There are two essential fatty acids, linolenic acid and linoleic acid, which cannot be synthesized by the body and must be obtained from our food. These basic fats, found in plant foods, are used to build specialized fats called omega-3 and omega-6 fatty acids. We also need omega-9 fatty acid, but the body can synthesize it. Our ability to make it does diminish with age if the diet has not contained enough raw plant foods.

Deficiencies in these fatty acids lead to a host of symptoms and disorders including abnormalities in the liver and kidneys, reduced growth rates, decreased immune function, depression, and dryness of the skin.
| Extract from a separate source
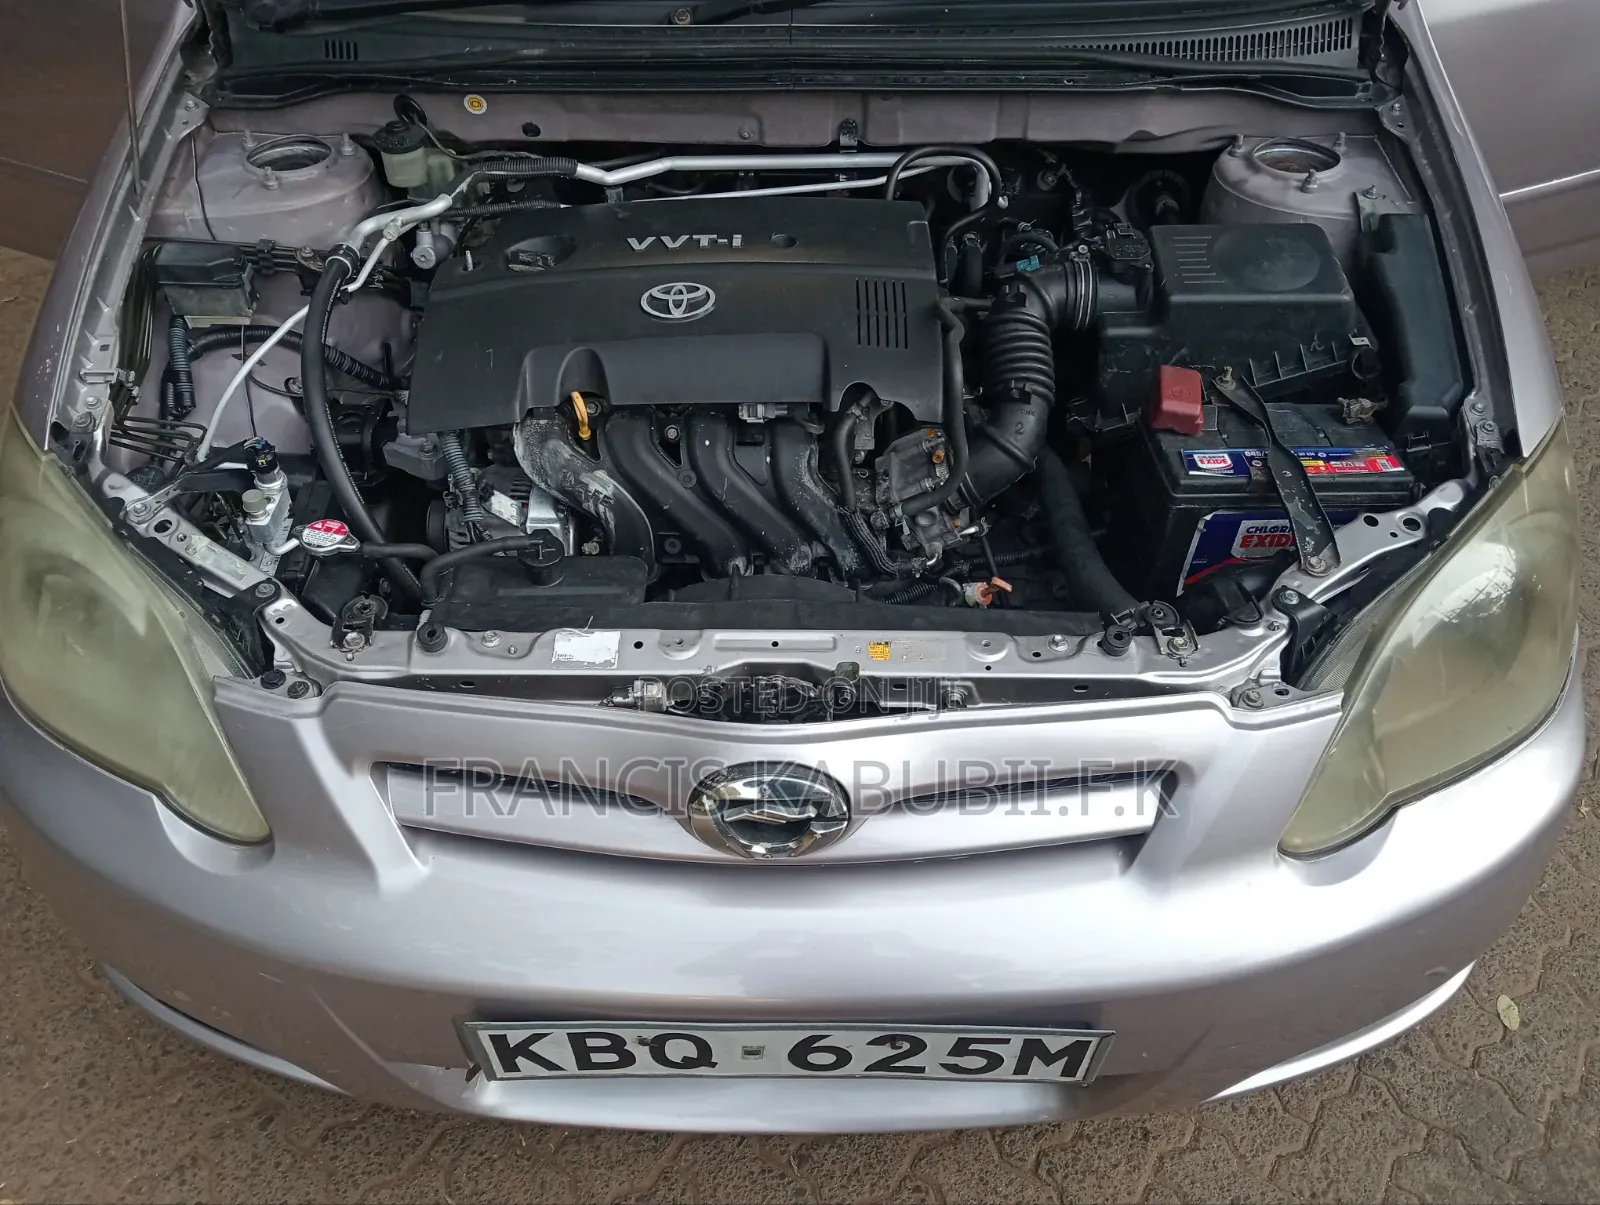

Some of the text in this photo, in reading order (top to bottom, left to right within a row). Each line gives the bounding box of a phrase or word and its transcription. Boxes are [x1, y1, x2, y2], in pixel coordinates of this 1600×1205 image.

[626, 234, 742, 251] VVT-i
[487, 1031, 1093, 1078] KBQ 625M
Adequate intake of essential fatty acids results in numerous health benefits. Documented benefits include prevention of atherosclerosis, reduced incidence of heart disease and stroke, and relief from the symptoms associated with ulcerative colitis, menstrual pain, and joint pain. Omega-3 fatty acid levels have also been associated with decreased breast cancer risk.

It is not only important to incorporate good sources of omega-3 and omega-6s in your diet, but also to consume these fatty acids in the proper ratio. Omega-6 fatty acids compete with omega-3 fatty acids for use in the body, and therefore excessive intake of omega-6 fatty acids can inhibit omega-3s. Ideally, the ratio of omega-6 to omega-3 fatty acids should be between 1:1 and 4:1.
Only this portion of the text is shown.